*** Data for the task ***
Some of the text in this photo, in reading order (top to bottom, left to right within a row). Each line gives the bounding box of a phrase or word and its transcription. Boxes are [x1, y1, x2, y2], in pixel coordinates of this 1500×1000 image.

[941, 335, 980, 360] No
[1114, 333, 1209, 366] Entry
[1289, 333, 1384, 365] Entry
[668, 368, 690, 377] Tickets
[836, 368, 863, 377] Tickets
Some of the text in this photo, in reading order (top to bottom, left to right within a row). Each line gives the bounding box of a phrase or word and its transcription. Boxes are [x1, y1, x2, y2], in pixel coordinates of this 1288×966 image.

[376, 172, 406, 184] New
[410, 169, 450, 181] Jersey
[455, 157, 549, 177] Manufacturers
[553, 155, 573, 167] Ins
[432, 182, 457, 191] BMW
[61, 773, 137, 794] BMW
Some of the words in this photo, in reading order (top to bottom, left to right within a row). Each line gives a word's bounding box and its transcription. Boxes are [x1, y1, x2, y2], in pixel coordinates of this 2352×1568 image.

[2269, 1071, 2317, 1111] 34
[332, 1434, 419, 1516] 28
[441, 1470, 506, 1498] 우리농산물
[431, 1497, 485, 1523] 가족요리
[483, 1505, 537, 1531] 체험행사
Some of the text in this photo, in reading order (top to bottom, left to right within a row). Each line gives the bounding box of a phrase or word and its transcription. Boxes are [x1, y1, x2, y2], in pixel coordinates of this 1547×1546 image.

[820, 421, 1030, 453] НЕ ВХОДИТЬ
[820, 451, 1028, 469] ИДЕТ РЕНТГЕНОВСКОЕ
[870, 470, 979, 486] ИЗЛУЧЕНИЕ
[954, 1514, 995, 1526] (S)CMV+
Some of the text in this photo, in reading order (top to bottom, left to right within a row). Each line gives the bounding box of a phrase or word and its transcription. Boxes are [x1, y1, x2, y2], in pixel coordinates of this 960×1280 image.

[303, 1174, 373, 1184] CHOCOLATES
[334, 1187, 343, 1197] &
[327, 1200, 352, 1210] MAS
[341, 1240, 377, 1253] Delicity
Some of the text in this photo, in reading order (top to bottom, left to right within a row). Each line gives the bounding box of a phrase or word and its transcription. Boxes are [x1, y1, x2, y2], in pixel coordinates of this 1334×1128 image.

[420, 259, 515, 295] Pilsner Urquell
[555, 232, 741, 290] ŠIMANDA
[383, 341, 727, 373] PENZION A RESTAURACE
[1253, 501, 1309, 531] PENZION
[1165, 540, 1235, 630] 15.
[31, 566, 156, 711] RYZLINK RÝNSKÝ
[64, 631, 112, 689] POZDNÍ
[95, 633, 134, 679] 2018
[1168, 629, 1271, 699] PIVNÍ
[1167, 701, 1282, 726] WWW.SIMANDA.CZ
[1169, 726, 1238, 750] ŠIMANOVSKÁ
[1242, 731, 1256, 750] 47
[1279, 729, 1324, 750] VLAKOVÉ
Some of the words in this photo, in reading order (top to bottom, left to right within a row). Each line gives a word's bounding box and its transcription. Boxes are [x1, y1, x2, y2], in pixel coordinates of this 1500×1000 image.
*** End of Data for the task ***
Assignment → The lines above should be printed again, exactly as they are.

Written solution →
Some of the text in this photo, in reading order (top to bottom, left to right within a row). Each line gives the bounding box of a phrase or word and its transcription. Boxes are [x1, y1, x2, y2], in pixel coordinates of this 1500×1000 image.

[941, 335, 980, 360] No
[1114, 333, 1209, 366] Entry
[1289, 333, 1384, 365] Entry
[668, 368, 690, 377] Tickets
[836, 368, 863, 377] Tickets
Some of the text in this photo, in reading order (top to bottom, left to right within a row). Each line gives the bounding box of a phrase or word and its transcription. Boxes are [x1, y1, x2, y2], in pixel coordinates of this 1288×966 image.

[376, 172, 406, 184] New
[410, 169, 450, 181] Jersey
[455, 157, 549, 177] Manufacturers
[553, 155, 573, 167] Ins
[432, 182, 457, 191] BMW
[61, 773, 137, 794] BMW
Some of the words in this photo, in reading order (top to bottom, left to right within a row). Each line gives a word's bounding box and its transcription. Boxes are [x1, y1, x2, y2], in pixel coordinates of this 2352×1568 image.

[2269, 1071, 2317, 1111] 34
[332, 1434, 419, 1516] 28
[441, 1470, 506, 1498] 우리농산물
[431, 1497, 485, 1523] 가족요리
[483, 1505, 537, 1531] 체험행사
Some of the text in this photo, in reading order (top to bottom, left to right within a row). Each line gives the bounding box of a phrase or word and its transcription. Boxes are [x1, y1, x2, y2], in pixel coordinates of this 1547×1546 image.

[820, 421, 1030, 453] НЕ ВХОДИТЬ
[820, 451, 1028, 469] ИДЕТ РЕНТГЕНОВСКОЕ
[870, 470, 979, 486] ИЗЛУЧЕНИЕ
[954, 1514, 995, 1526] (S)CMV+
Some of the text in this photo, in reading order (top to bottom, left to right within a row). Each line gives the bounding box of a phrase or word and its transcription. Boxes are [x1, y1, x2, y2], in pixel coordinates of this 960×1280 image.

[303, 1174, 373, 1184] CHOCOLATES
[334, 1187, 343, 1197] &
[327, 1200, 352, 1210] MAS
[341, 1240, 377, 1253] Delicity
Some of the text in this photo, in reading order (top to bottom, left to right within a row). Each line gives the bounding box of a phrase or word and its transcription. Boxes are [x1, y1, x2, y2], in pixel coordinates of this 1334×1128 image.

[420, 259, 515, 295] Pilsner Urquell
[555, 232, 741, 290] ŠIMANDA
[383, 341, 727, 373] PENZION A RESTAURACE
[1253, 501, 1309, 531] PENZION
[1165, 540, 1235, 630] 15.
[31, 566, 156, 711] RYZLINK RÝNSKÝ
[64, 631, 112, 689] POZDNÍ
[95, 633, 134, 679] 2018
[1168, 629, 1271, 699] PIVNÍ
[1167, 701, 1282, 726] WWW.SIMANDA.CZ
[1169, 726, 1238, 750] ŠIMANOVSKÁ
[1242, 731, 1256, 750] 47
[1279, 729, 1324, 750] VLAKOVÉ
Some of the words in this photo, in reading order (top to bottom, left to right within a row). Each line gives a word's bounding box and its transcription. Boxes are [x1, y1, x2, y2], in pixel coordinates of this 1500×1000 image.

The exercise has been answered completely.